Improving adjuvanticity of crude polysaccharides from cultivated Artemisia rupestris L. for influenza vaccine by promoting long-term immunity and T1/T2 response with dose-sparing effect.

ETHNOPHARMACOLOGICAL RELEVANCE

Influenza virus vaccines (IVV) with balanced T1/T2 responses are critical for controlling seasonal influenza. Emerging evidences suggest that herbal polysaccharides can induce potent T1 or mixed T1/T2 responses.

AIM OF STUDY

The study aims to determine the efficacy and safety of crude polysaccharides from cultivated Artemisia rupestris L. (CPCAR) as an adjuvant for IVV.

MATERIALS AND METHODS

CPCAR was prepared with hot extraction and ethanol precipitation method and primary physico-chemical characters were tested.

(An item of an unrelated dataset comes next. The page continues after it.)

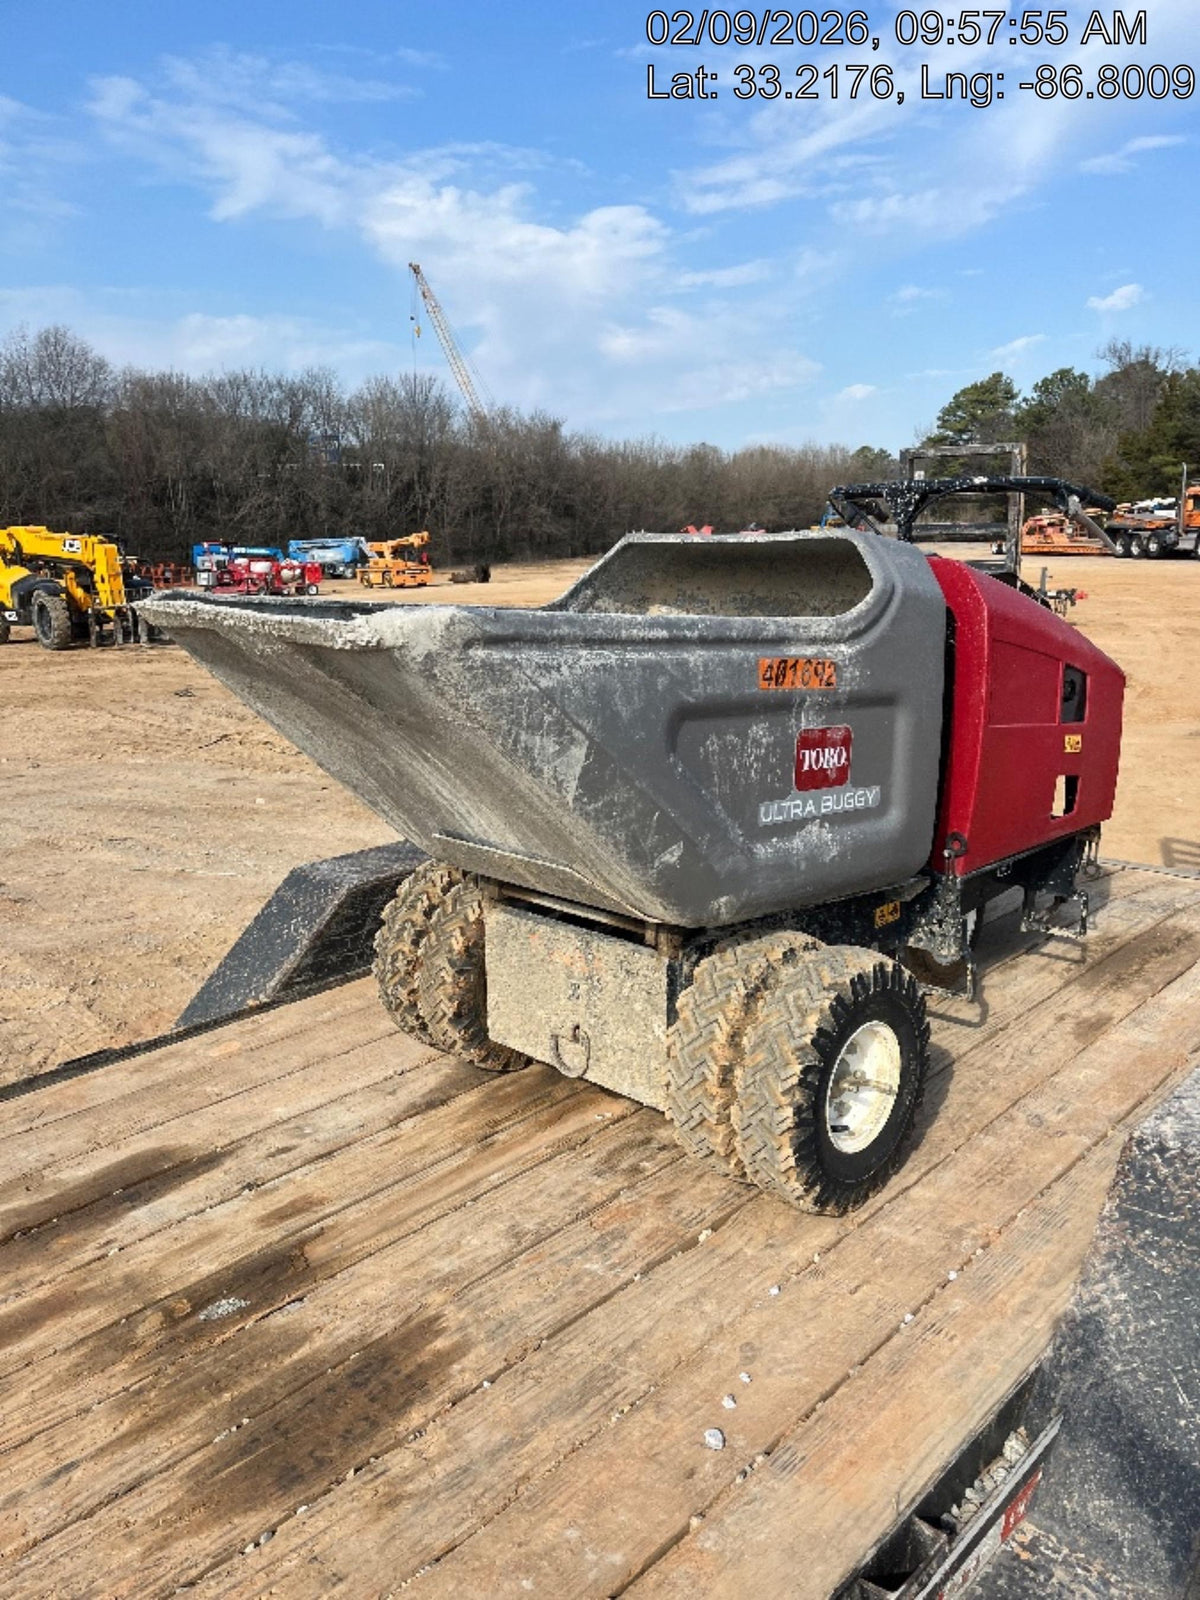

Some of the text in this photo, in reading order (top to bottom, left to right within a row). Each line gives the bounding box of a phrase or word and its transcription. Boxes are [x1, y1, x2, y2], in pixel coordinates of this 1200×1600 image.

[800, 746, 847, 772] TORO
[759, 789, 877, 823] ULTRA BUGGY
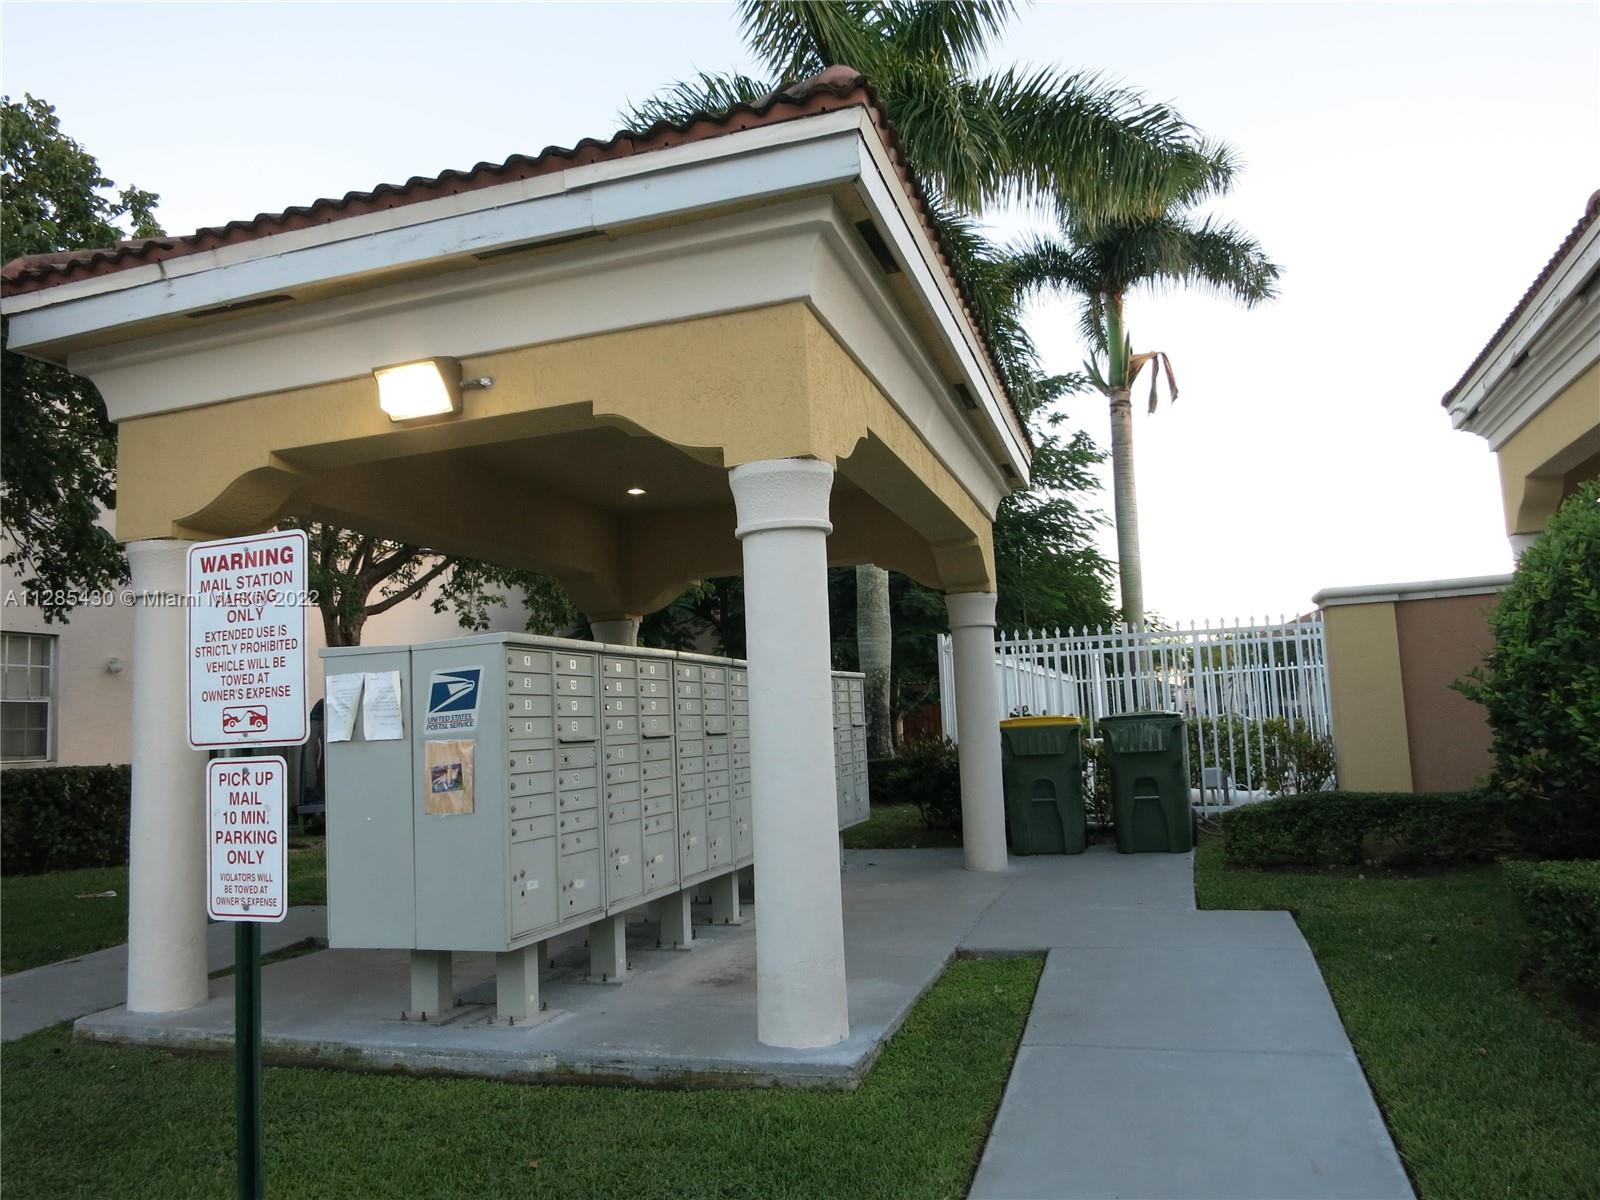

Mice were vaccinated by subcutaneous route with IVV formulated with different dose of CPCAR to detecting the elicited T1/T2 responses and long-term immune responses with dose-sparing sparing effect.

RESULTS

IVV formulated with CPCAR without LPS contamination could augment balanced T1/T2 responses, as indicated by early IgG response, hemagglutination inhibition (HAI) antibodies, effector T-cells, and cytotoxic T lymphocytes (CTL). Moreover, CPCAR elicited long-term IgG, HAI antibodies, memory T cells, and balanced CD4/CD8 responses within 168 days after vaccination. Compared with IVV alone, a low or high dose of IVV formulated with CPCAR improved the levels of IgG, IgG1, and IgG2a and enhanced memory T cells and balanced CD4/CD8 responses, displaying a 10-fold dose-sparing effect. As determined by IgE response and monitoring results of weekly body weight and daily symptoms after vaccination, anaphylaxis or adverse effect was not observed.

CONCLUSIONS

Collectively, the study demonstrated the potential of CPCAR as an aqueous polysaccharide adjuvant for IVV to induce rapid and balanced T1/T2 responses and long-lasting immunity with dose-sparing effect.